Os dados da Pesquisa Pecuária Municipal, recém-divulgada pelo IBGE, mostram que compunham o plantel brasileiro de frangos em 31 de dezembro de 2010 pouco mais de 1,028 bilhão de aves. O número levantado representou aumento de apenas 0,7% sobre o plantel final do ano anterior e de 3,7% sobre o plantel existente em 31 de dezembro de 2008.
De toda forma, a quase estabilidade observada de 2009 para 2010 ficou restrita à média nacional. Pois, em termos regionais, enquanto o Sul apresentou expansão de 2,7%, as demais Regiões tiveram redução, com quedas que variaram desde 0,1% (Sudeste) até 5,4% (Centro-Oeste).
Ressalve-se que esses números nada têm a ver com a produção brasileira que, só no abate inspecionado (e de acordo também com o IBGE) processou em 2010 perto de 5 bilhões de cabeças de frango, registrando um volume 4,5% superior ao do ano anterior.
Em outras palavras, a Pesquisa Pecuária Municipal “fotografa” o plantel existente no último dia do ano.
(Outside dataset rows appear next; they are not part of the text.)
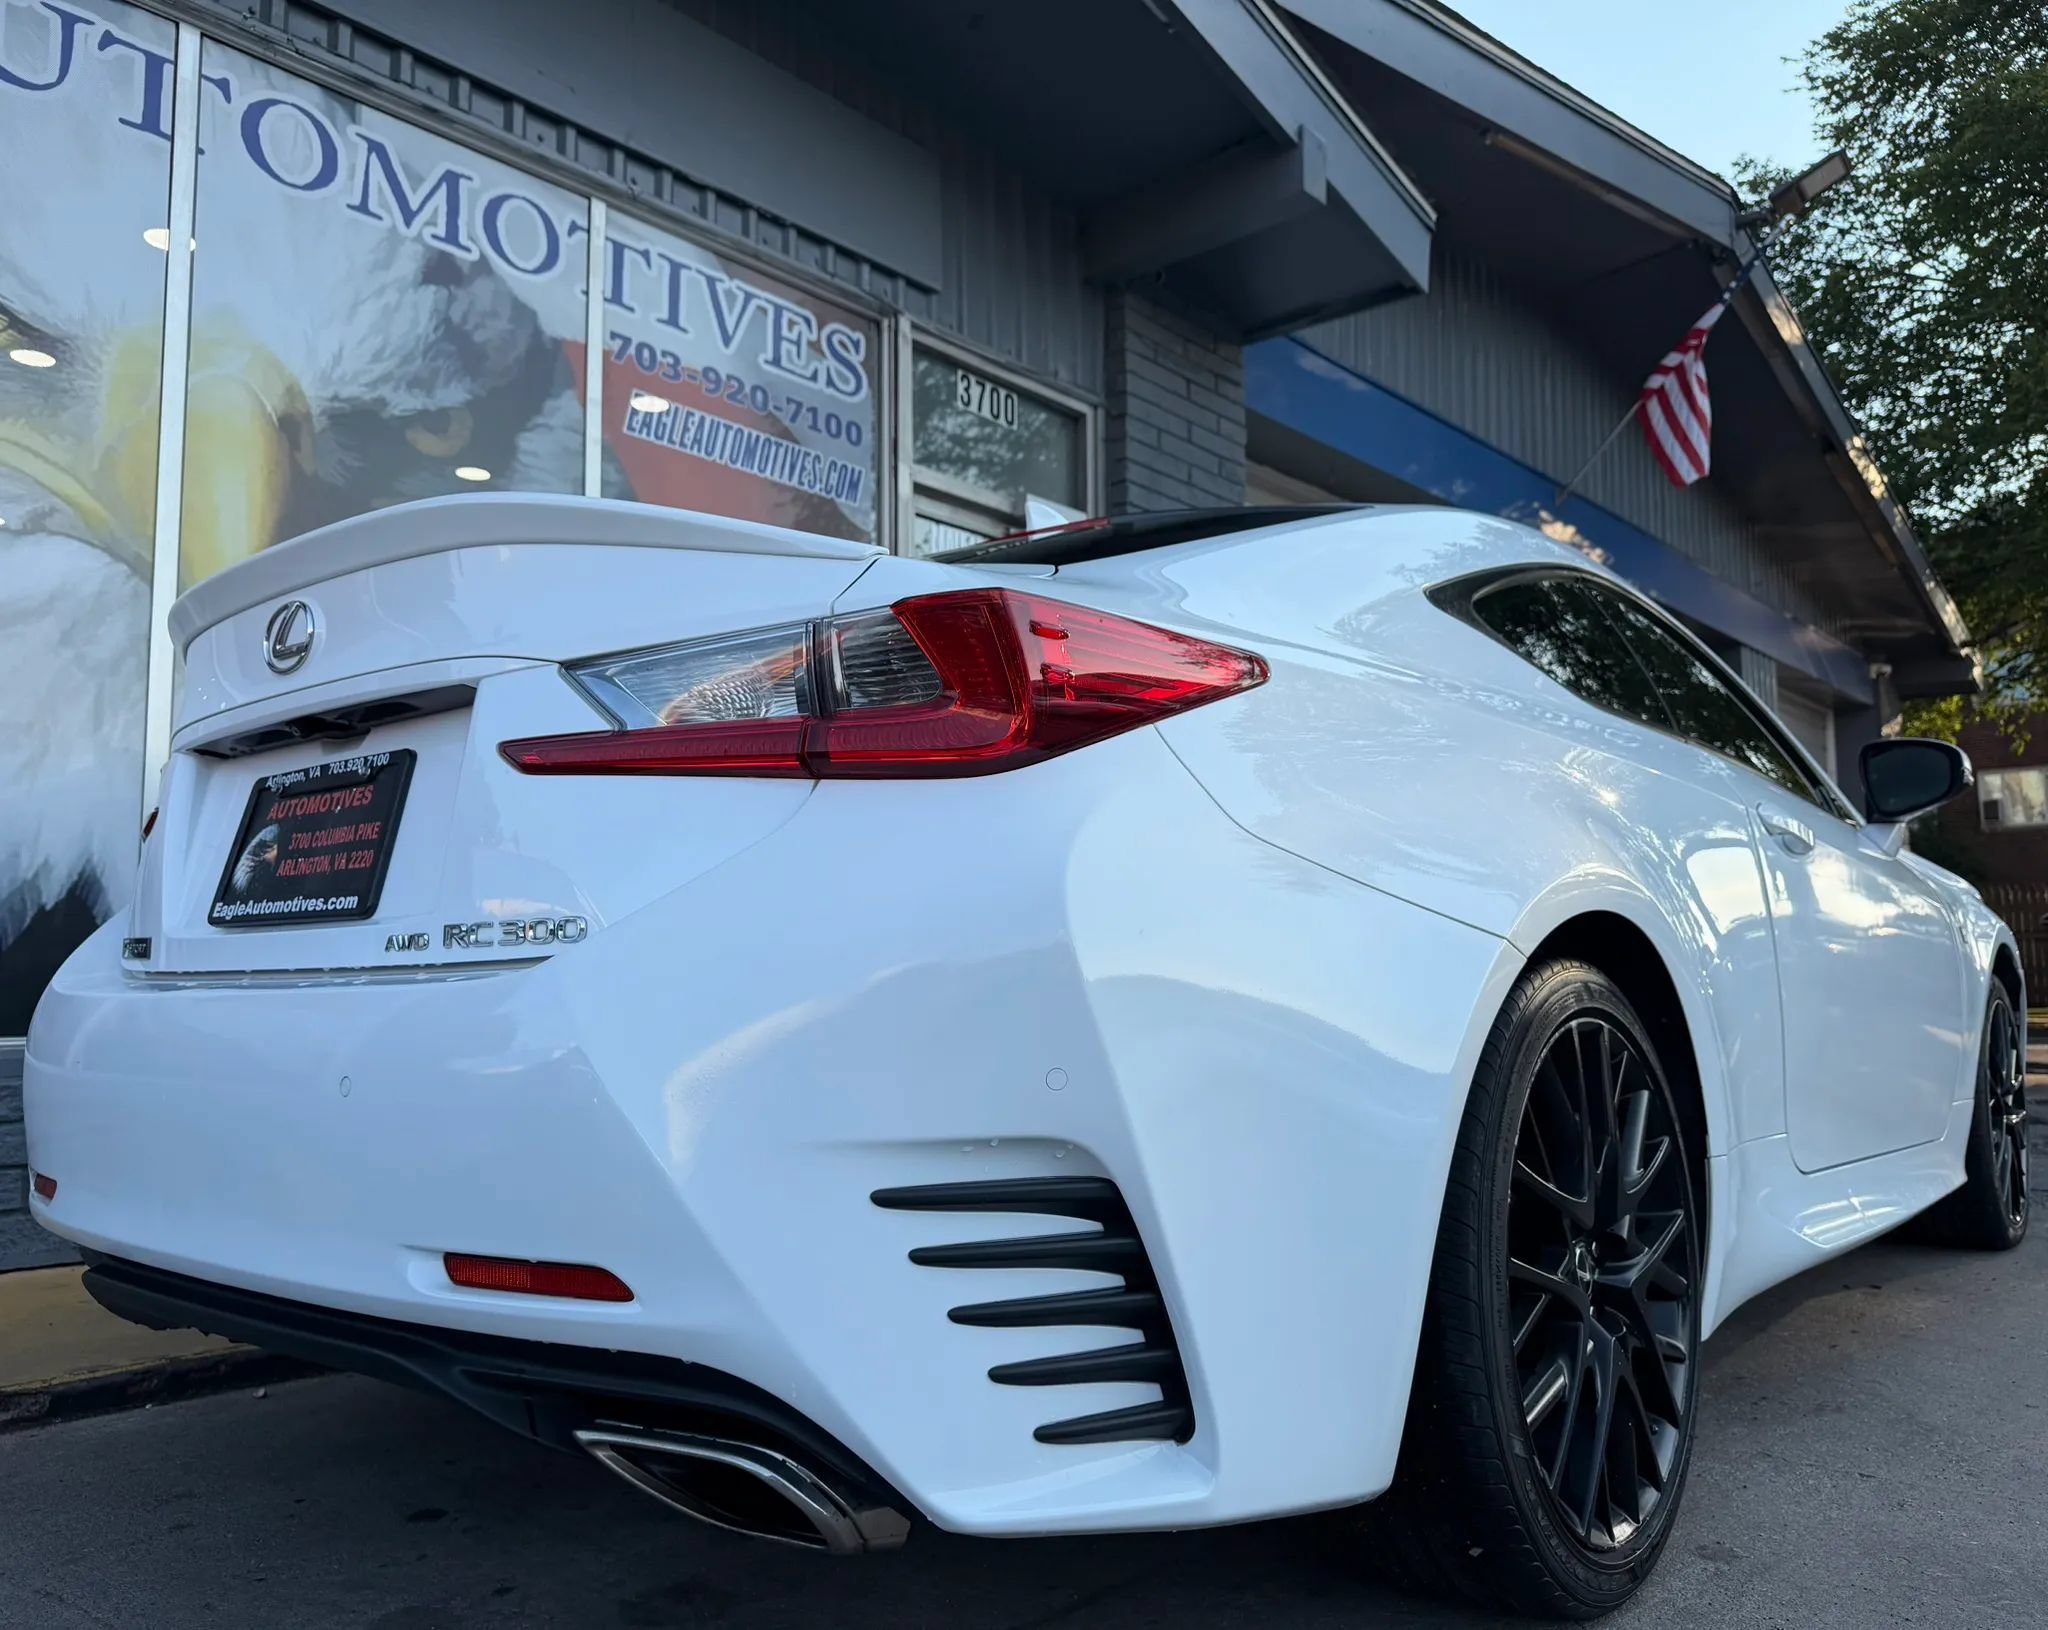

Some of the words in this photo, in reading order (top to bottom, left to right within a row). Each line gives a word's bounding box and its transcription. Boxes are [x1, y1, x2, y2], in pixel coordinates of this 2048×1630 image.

[609, 331, 863, 446] 703-920-7100
[960, 373, 1015, 426] 3700
[626, 392, 864, 503] EAGLEAUTOMOTIVES.COM
[309, 766, 321, 779] VA
[267, 785, 375, 821] AUTOMOTIVES
[312, 824, 356, 847] COLUMBIA
[356, 822, 382, 840] PIKE
[334, 851, 347, 870] VA
[348, 849, 375, 869] 2220
[212, 895, 359, 920] EagleAutomotives.com
[384, 933, 430, 952] AWD
Como trata de frangos, supõe-se que sejam aves com até 7-8 semanas de idade, daí a existência de apenas 1 bilhão de cabeças, provavelmente um sexto do total produzido no ano.
Sob esse aspecto, aliás, até a variação do plantel precisa ser encarada com cuidado. Pois, por exemplo, se no final de um ano a demanda foi mais forte que no ano anterior e a idade de abate foi antecipada (digamos, de sete para seis semanas), o plantel final de aves vivas será menor, sem significar que houve redução da produção. Ao contrário.